You can hold one of the greatest records in sports, but if you don’t have much else, what does it mean?
We’re all defined by the choices we make. Happy 80th birthday, Peter Edward. I hope that today, you are remembered.
Now, then. . .
Ketel Marte, Tim Anderson, Eloy Jiménez, Ke’Bryan Hayes, Kevin Kiermaier, James Paxton, Miguel Cabrera, Cody Bellinger, FERNANDO FREAKING TATIS JR. Add in Mike Soroka, Sixto Sánchez, Kyle Lewis, George Springer, Zac Gallen and you’ve got what could be a shortlist of All-Star contenders or potential profile subjects. Instead, it’s a tour of players who have either hit the injured list already or are still out after sustaining spring training injuries or suffered recent setbacks. (Yahoo! Sports)
Has depth ever been more important in Baseball?
Will 2021 come to be know as the Season of Attrition?
Are the Reds poised to benefit and endure?

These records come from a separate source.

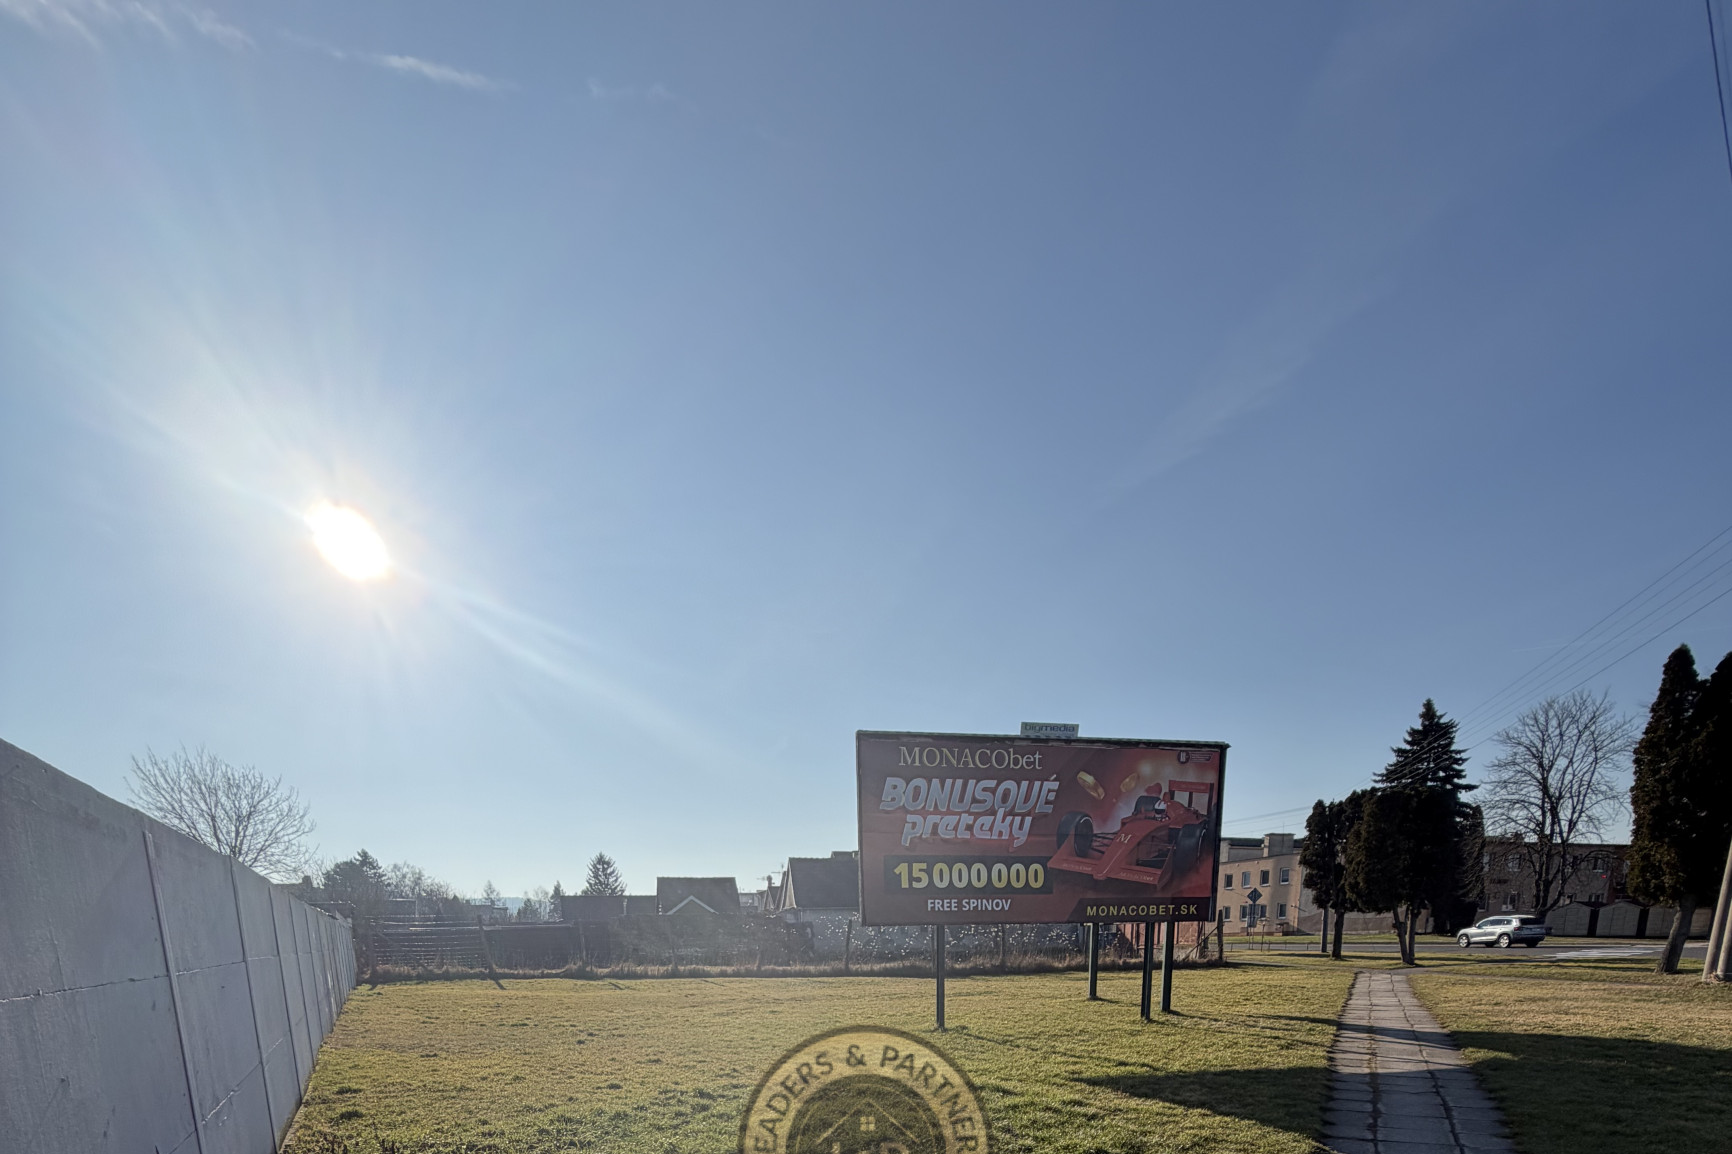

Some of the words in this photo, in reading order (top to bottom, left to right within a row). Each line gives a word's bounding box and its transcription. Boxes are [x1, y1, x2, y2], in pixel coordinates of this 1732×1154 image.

[1024, 723, 1075, 733] bigmedia
[898, 746, 1042, 770] MONACObet
[879, 774, 1060, 813] BONUSOVÉ
[901, 807, 1032, 847] preteky
[1117, 833, 1132, 844] M
[927, 899, 958, 911] FREE
[962, 899, 1011, 911] SPINOV
[1086, 904, 1198, 916] MONACOBET.SK

In the outfield, certainly. They could lose a Winker or Senzel and not be traumatized. Naquin is this year’s Dietrich, Akiyama will be back soon.
Anywhere else?
Not starting pitching, unless you’re comforted by the thought of Tejay Antone replacing Castillo or Gray for any length of time. (And, maybe, you would be. The guy can deal. But he’s a neophyte.)
The deep depth is a year away at least: Greene and Lodolo. As for position players, who? If India goes down or slumps terribly, then what?
ELIMINATE REPLAY. . . It’s bad enough in any sport, when play is stopped for several minutes for a review. It’s worse when it’s stopped and they still get the call wrong.
It’s happened a couple times in Baseball in the past week. The last thing the National Passed Time needs is another means of slowing itself down. It’s like filling the starting blocks with quicksand, for the Olympic 100-meter finals.
Bleacher Report: In fairness, just last year MLB opened a new replay operations center while also dramatically improving its video coverage. There are now 4K cameras with views of home plate, plus twice as many isolated cameras. There's also a greater availability of high-frame-rate video.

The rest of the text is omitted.